Les désirs de femmes sont souvent assimilés à des caprices…
"Oui, ce n'est pas forcément renvoyé du côté de la société civile institutionnelle. C'est renvoyé par la famille aussi. "Vous avez eu le mariage, maintenant il vous en faut encore plus ?", "n'en demandez pas trop non plus…" On n'est pas là pour jouer à la famille Ken et Barbie version Barbie et Barbie. Au-delà d'être un couple lesbien, nous sommes des femmes. Il faut toujours se justifier, sans cesse."Une fois le bébé arrivé, c'est un deuxième combat administratif qui commence…
"Une fois que nous sommes revenues de Belgique, nous avons reçu un second livret de famille. Quand ma femme a accouché, on a appris qu'elle aurait un second livret de mère célibataire, que notre fille ne pourrait pas apparaître sur notre livret de famille. Déjà, "mère célibataire", ça pique.
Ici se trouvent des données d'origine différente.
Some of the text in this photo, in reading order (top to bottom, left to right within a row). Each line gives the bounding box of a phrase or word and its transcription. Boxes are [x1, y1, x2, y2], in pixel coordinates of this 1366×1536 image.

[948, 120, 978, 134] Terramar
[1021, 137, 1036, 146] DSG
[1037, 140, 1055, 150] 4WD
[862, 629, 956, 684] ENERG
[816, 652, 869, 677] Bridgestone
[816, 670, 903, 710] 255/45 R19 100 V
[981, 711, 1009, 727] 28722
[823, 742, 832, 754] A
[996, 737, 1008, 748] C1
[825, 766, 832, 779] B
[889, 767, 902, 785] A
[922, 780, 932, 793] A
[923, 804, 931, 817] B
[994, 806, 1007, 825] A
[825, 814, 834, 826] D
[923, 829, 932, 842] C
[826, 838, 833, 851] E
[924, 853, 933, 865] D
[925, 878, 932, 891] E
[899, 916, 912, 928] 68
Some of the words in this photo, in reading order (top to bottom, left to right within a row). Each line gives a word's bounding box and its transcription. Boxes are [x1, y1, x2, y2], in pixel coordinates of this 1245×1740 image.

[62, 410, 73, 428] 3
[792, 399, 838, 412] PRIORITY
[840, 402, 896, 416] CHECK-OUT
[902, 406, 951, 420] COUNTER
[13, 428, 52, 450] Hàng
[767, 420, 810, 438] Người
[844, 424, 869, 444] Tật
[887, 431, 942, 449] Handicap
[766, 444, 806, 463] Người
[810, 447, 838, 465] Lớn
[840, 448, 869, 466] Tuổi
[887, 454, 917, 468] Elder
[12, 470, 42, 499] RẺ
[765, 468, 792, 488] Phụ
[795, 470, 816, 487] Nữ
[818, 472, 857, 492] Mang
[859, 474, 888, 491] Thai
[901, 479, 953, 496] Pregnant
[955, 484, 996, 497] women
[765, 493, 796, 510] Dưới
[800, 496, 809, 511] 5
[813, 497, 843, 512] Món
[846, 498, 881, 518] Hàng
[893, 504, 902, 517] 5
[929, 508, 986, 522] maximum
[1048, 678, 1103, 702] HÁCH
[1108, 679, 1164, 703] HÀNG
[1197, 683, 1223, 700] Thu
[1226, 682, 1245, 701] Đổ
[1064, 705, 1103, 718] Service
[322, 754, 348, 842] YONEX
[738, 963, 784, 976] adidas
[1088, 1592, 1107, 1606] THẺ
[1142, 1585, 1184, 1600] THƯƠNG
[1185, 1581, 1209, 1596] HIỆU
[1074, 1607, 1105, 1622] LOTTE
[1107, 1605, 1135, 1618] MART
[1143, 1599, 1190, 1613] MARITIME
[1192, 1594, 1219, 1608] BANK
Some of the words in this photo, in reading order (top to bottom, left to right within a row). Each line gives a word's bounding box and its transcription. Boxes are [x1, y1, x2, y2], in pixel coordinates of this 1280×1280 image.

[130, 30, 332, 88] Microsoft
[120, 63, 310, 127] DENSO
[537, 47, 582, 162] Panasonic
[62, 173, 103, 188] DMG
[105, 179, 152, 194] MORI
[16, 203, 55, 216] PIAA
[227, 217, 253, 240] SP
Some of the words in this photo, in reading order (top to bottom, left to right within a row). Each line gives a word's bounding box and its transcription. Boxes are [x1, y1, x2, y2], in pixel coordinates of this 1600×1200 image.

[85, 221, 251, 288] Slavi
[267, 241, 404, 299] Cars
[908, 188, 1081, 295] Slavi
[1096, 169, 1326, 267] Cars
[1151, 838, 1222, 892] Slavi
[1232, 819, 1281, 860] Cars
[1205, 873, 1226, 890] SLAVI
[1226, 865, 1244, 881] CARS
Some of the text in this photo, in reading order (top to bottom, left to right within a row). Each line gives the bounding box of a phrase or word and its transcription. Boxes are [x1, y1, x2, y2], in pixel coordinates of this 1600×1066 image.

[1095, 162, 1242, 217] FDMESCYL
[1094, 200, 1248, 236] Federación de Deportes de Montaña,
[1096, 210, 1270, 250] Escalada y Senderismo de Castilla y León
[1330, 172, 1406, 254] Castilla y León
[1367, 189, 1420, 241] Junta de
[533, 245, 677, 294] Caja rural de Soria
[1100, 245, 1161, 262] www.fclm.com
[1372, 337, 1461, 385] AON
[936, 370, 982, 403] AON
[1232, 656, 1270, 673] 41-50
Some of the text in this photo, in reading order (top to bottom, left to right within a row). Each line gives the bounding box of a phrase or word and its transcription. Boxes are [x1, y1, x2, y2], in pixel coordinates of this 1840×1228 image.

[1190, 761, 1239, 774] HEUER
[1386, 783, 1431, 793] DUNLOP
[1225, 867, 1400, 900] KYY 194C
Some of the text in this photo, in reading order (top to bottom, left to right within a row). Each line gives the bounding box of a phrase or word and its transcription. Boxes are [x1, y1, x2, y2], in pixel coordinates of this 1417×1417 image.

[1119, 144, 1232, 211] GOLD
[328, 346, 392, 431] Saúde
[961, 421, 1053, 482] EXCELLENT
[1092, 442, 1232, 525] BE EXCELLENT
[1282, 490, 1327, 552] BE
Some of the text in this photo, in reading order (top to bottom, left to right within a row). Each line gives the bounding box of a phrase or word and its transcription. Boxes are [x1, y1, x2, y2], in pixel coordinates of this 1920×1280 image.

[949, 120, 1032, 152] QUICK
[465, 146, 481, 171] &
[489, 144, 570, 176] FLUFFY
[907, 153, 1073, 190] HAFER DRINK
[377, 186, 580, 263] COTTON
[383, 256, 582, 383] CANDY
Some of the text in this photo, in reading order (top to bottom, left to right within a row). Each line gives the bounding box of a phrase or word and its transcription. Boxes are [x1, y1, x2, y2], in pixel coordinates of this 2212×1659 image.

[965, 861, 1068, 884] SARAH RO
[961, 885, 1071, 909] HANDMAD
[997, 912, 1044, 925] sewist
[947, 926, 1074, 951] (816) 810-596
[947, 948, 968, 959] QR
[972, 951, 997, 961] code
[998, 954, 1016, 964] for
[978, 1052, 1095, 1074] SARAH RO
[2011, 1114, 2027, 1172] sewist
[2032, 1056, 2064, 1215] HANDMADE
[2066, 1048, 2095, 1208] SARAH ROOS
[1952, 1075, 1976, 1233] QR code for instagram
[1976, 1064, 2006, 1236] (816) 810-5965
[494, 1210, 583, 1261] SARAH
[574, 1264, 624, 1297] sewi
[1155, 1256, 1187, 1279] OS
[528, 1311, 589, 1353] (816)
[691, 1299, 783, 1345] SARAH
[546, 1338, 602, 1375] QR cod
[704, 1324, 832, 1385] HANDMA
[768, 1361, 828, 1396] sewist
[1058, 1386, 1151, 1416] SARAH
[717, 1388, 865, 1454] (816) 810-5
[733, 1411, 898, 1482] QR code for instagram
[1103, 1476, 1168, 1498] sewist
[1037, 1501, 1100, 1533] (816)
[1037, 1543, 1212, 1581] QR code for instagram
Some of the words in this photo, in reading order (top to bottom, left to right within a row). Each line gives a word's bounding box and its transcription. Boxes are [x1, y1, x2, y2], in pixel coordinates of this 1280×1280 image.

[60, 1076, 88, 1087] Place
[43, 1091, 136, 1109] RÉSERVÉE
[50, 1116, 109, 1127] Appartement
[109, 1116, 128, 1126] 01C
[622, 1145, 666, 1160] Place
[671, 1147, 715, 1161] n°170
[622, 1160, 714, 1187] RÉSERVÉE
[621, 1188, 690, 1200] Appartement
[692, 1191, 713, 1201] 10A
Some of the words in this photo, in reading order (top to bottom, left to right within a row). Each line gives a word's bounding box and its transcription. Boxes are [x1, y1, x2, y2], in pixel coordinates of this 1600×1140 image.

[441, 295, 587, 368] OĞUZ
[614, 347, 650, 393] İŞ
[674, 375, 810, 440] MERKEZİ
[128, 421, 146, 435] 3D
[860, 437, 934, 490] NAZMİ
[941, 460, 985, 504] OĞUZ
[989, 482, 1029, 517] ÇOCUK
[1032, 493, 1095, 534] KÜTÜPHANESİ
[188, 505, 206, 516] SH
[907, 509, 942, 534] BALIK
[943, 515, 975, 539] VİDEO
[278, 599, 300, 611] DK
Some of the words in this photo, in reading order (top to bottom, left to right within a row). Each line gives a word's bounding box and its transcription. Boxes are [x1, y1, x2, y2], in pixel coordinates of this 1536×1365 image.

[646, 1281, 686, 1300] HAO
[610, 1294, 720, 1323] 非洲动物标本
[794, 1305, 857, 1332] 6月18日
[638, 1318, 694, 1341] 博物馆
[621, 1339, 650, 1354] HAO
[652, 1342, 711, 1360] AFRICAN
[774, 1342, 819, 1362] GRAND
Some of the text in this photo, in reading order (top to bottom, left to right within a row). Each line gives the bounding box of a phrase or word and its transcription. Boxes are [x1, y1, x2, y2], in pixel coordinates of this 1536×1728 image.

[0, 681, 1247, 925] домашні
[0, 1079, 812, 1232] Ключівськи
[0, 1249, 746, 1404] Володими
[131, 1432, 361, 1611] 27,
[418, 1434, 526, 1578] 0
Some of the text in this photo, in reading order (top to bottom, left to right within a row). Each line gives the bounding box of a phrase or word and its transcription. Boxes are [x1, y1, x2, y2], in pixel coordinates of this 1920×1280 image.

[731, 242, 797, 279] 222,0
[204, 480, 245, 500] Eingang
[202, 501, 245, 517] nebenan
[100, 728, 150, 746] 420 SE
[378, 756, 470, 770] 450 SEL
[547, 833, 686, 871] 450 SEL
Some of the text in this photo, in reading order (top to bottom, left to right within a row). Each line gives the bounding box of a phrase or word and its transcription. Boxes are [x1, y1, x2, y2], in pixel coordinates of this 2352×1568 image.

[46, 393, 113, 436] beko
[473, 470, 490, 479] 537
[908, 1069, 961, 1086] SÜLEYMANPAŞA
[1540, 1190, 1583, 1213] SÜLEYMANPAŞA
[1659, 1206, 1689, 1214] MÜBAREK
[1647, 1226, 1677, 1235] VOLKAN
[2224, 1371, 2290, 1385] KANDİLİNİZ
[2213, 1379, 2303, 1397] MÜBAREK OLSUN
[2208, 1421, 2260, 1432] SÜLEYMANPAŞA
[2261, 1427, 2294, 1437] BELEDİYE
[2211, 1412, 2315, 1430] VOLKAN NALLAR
Surtout quand depuis quelques mois, la CAF vous réclame votre dossier avec vos revenus.""Donc d'un côté, on vous demande vos revenus, et de l'autre, on vous dit : "Ah bah non, ce n'est pas votre enfant, puisque c'est une mère célibataire". Ce double statut a été très difficile à vivre pour ma femme, et pour moi aussi. Puisqu'on me ramenait à mes devoirs envers l'administration mais pas à mes droits. Puis au moment du rendez-vous avec la CAF, "l'accueil de l'enfant" n'est stipulé à aucun moment. Les PowerPoint étaient remplis des mots "congés paternité" alors que ce sont des congés "parentalité" depuis 2013. Je leur ai dit que ce serait bien, qu'en tant qu'institution, ils se devaient d'être à jour."
"Il y a aussi le fait qu'à chaque déplacement, je prends toujours les deux livrets de famille. Parce que s'il arrive quoique ce soit, il faut que je puisse prouver avec les deux livrets que j'ai un lien avec l'enfant. J'ai obtenu l'adoption plénière il y a peu, mais tant que je n'avais pas reçu les papiers, je n'avais pas de droit véritablement."
"A Perpignan, deux mamans ont amené leur enfant aux urgences, et malgré l'adoption, un membre du personnel a demandé à la deuxième maman de sortir de la pièce. Malgré les papiers juridiques, les gens nous renvoient leur conservatisme."